## WHAT TO WORK ON:
Would you print out every entry exactly as given?
....
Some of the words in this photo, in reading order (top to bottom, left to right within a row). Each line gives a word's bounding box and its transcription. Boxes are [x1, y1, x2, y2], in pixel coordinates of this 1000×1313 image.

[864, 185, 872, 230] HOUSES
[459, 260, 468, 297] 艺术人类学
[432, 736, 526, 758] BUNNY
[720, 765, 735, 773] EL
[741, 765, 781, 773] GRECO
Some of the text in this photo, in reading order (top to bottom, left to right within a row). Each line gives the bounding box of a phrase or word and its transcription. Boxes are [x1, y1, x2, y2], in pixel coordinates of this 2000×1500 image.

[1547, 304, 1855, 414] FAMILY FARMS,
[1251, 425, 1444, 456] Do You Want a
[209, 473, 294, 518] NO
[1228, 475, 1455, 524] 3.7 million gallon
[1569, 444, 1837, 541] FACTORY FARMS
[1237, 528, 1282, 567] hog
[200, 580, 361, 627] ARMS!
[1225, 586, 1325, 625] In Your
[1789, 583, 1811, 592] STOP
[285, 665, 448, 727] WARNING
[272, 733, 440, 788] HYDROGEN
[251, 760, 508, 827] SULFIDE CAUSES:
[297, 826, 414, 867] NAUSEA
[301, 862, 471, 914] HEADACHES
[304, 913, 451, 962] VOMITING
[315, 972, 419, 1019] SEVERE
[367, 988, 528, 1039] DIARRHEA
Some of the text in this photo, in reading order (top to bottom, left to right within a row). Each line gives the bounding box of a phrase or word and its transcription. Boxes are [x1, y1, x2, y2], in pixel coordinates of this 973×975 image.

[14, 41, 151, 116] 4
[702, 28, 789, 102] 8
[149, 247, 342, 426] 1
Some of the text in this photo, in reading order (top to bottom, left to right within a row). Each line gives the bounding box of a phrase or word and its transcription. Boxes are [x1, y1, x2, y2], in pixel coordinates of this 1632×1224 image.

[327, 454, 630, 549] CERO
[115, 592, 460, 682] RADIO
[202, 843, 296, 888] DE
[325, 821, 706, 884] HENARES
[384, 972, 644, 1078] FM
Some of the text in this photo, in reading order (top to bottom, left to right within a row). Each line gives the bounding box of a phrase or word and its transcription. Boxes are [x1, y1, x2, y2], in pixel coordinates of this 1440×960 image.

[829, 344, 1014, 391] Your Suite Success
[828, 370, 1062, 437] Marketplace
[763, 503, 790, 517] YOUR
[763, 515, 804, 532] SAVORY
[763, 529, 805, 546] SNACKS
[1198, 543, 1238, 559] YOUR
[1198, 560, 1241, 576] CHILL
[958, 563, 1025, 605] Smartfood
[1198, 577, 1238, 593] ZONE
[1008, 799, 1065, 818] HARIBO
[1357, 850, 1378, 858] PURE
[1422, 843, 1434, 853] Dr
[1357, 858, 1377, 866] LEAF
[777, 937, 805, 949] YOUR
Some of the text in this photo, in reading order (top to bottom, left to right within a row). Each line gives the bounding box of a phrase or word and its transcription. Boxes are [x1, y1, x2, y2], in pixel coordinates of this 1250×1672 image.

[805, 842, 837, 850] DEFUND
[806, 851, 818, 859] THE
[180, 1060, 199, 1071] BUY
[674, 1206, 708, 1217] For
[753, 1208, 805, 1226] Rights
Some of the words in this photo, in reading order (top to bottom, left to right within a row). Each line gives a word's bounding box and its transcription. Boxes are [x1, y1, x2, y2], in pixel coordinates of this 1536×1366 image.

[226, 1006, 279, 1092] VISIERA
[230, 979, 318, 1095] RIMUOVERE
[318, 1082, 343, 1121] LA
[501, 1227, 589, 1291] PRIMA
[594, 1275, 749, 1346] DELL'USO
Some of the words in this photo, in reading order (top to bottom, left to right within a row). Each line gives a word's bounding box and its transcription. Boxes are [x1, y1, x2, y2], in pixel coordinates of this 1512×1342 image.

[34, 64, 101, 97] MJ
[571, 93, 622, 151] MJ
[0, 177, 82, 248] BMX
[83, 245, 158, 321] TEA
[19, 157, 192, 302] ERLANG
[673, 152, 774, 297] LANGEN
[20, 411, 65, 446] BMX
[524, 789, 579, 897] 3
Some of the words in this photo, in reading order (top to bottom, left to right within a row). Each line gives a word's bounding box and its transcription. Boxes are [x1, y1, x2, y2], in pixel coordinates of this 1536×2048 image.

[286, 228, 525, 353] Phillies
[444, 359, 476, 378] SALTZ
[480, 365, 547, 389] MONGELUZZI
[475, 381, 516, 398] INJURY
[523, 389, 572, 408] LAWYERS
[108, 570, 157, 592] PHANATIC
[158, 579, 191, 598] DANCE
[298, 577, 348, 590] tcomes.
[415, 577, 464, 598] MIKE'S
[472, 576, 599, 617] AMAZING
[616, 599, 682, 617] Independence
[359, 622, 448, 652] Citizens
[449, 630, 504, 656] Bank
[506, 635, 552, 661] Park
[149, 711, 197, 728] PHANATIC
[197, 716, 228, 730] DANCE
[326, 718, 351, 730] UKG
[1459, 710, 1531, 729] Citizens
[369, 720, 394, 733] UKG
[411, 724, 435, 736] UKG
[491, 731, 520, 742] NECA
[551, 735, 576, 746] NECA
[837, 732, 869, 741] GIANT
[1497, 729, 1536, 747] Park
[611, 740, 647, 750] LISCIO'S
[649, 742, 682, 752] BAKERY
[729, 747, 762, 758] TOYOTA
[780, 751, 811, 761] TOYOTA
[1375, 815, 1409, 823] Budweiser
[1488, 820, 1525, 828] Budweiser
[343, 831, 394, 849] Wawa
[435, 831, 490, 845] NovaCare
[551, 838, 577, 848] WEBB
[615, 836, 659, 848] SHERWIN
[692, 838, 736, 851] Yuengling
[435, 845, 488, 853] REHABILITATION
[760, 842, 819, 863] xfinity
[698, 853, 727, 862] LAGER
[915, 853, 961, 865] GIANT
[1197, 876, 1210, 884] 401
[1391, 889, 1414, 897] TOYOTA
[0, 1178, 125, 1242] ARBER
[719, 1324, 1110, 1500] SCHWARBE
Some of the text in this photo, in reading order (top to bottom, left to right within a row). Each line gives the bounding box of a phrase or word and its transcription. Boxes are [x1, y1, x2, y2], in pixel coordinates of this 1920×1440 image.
....
## RESULT BELOW:
Some of the words in this photo, in reading order (top to bottom, left to right within a row). Each line gives a word's bounding box and its transcription. Boxes are [x1, y1, x2, y2], in pixel coordinates of this 1000×1313 image.

[864, 185, 872, 230] HOUSES
[459, 260, 468, 297] 艺术人类学
[432, 736, 526, 758] BUNNY
[720, 765, 735, 773] EL
[741, 765, 781, 773] GRECO
Some of the text in this photo, in reading order (top to bottom, left to right within a row). Each line gives the bounding box of a phrase or word and its transcription. Boxes are [x1, y1, x2, y2], in pixel coordinates of this 2000×1500 image.

[1547, 304, 1855, 414] FAMILY FARMS,
[1251, 425, 1444, 456] Do You Want a
[209, 473, 294, 518] NO
[1228, 475, 1455, 524] 3.7 million gallon
[1569, 444, 1837, 541] FACTORY FARMS
[1237, 528, 1282, 567] hog
[200, 580, 361, 627] ARMS!
[1225, 586, 1325, 625] In Your
[1789, 583, 1811, 592] STOP
[285, 665, 448, 727] WARNING
[272, 733, 440, 788] HYDROGEN
[251, 760, 508, 827] SULFIDE CAUSES:
[297, 826, 414, 867] NAUSEA
[301, 862, 471, 914] HEADACHES
[304, 913, 451, 962] VOMITING
[315, 972, 419, 1019] SEVERE
[367, 988, 528, 1039] DIARRHEA
Some of the text in this photo, in reading order (top to bottom, left to right within a row). Each line gives the bounding box of a phrase or word and its transcription. Boxes are [x1, y1, x2, y2], in pixel coordinates of this 973×975 image.

[14, 41, 151, 116] 4
[702, 28, 789, 102] 8
[149, 247, 342, 426] 1
Some of the text in this photo, in reading order (top to bottom, left to right within a row). Each line gives the bounding box of a phrase or word and its transcription. Boxes are [x1, y1, x2, y2], in pixel coordinates of this 1632×1224 image.

[327, 454, 630, 549] CERO
[115, 592, 460, 682] RADIO
[202, 843, 296, 888] DE
[325, 821, 706, 884] HENARES
[384, 972, 644, 1078] FM
Some of the text in this photo, in reading order (top to bottom, left to right within a row). Each line gives the bounding box of a phrase or word and its transcription. Boxes are [x1, y1, x2, y2], in pixel coordinates of this 1440×960 image.

[829, 344, 1014, 391] Your Suite Success
[828, 370, 1062, 437] Marketplace
[763, 503, 790, 517] YOUR
[763, 515, 804, 532] SAVORY
[763, 529, 805, 546] SNACKS
[1198, 543, 1238, 559] YOUR
[1198, 560, 1241, 576] CHILL
[958, 563, 1025, 605] Smartfood
[1198, 577, 1238, 593] ZONE
[1008, 799, 1065, 818] HARIBO
[1357, 850, 1378, 858] PURE
[1422, 843, 1434, 853] Dr
[1357, 858, 1377, 866] LEAF
[777, 937, 805, 949] YOUR
Some of the text in this photo, in reading order (top to bottom, left to right within a row). Each line gives the bounding box of a phrase or word and its transcription. Boxes are [x1, y1, x2, y2], in pixel coordinates of this 1250×1672 image.

[805, 842, 837, 850] DEFUND
[806, 851, 818, 859] THE
[180, 1060, 199, 1071] BUY
[674, 1206, 708, 1217] For
[753, 1208, 805, 1226] Rights
Some of the words in this photo, in reading order (top to bottom, left to right within a row). Each line gives a word's bounding box and its transcription. Boxes are [x1, y1, x2, y2], in pixel coordinates of this 1536×1366 image.

[226, 1006, 279, 1092] VISIERA
[230, 979, 318, 1095] RIMUOVERE
[318, 1082, 343, 1121] LA
[501, 1227, 589, 1291] PRIMA
[594, 1275, 749, 1346] DELL'USO
Some of the words in this photo, in reading order (top to bottom, left to right within a row). Each line gives a word's bounding box and its transcription. Boxes are [x1, y1, x2, y2], in pixel coordinates of this 1512×1342 image.

[34, 64, 101, 97] MJ
[571, 93, 622, 151] MJ
[0, 177, 82, 248] BMX
[83, 245, 158, 321] TEA
[19, 157, 192, 302] ERLANG
[673, 152, 774, 297] LANGEN
[20, 411, 65, 446] BMX
[524, 789, 579, 897] 3
Some of the words in this photo, in reading order (top to bottom, left to right within a row). Each line gives a word's bounding box and its transcription. Boxes are [x1, y1, x2, y2], in pixel coordinates of this 1536×2048 image.

[286, 228, 525, 353] Phillies
[444, 359, 476, 378] SALTZ
[480, 365, 547, 389] MONGELUZZI
[475, 381, 516, 398] INJURY
[523, 389, 572, 408] LAWYERS
[108, 570, 157, 592] PHANATIC
[158, 579, 191, 598] DANCE
[298, 577, 348, 590] tcomes.
[415, 577, 464, 598] MIKE'S
[472, 576, 599, 617] AMAZING
[616, 599, 682, 617] Independence
[359, 622, 448, 652] Citizens
[449, 630, 504, 656] Bank
[506, 635, 552, 661] Park
[149, 711, 197, 728] PHANATIC
[197, 716, 228, 730] DANCE
[326, 718, 351, 730] UKG
[1459, 710, 1531, 729] Citizens
[369, 720, 394, 733] UKG
[411, 724, 435, 736] UKG
[491, 731, 520, 742] NECA
[551, 735, 576, 746] NECA
[837, 732, 869, 741] GIANT
[1497, 729, 1536, 747] Park
[611, 740, 647, 750] LISCIO'S
[649, 742, 682, 752] BAKERY
[729, 747, 762, 758] TOYOTA
[780, 751, 811, 761] TOYOTA
[1375, 815, 1409, 823] Budweiser
[1488, 820, 1525, 828] Budweiser
[343, 831, 394, 849] Wawa
[435, 831, 490, 845] NovaCare
[551, 838, 577, 848] WEBB
[615, 836, 659, 848] SHERWIN
[692, 838, 736, 851] Yuengling
[435, 845, 488, 853] REHABILITATION
[760, 842, 819, 863] xfinity
[698, 853, 727, 862] LAGER
[915, 853, 961, 865] GIANT
[1197, 876, 1210, 884] 401
[1391, 889, 1414, 897] TOYOTA
[0, 1178, 125, 1242] ARBER
[719, 1324, 1110, 1500] SCHWARBE
Some of the text in this photo, in reading order (top to bottom, left to right within a row). Each line gives the bounding box of a phrase or word and its transcription. Boxes are [x1, y1, x2, y2], in pixel coordinates of this 1920×1440 image.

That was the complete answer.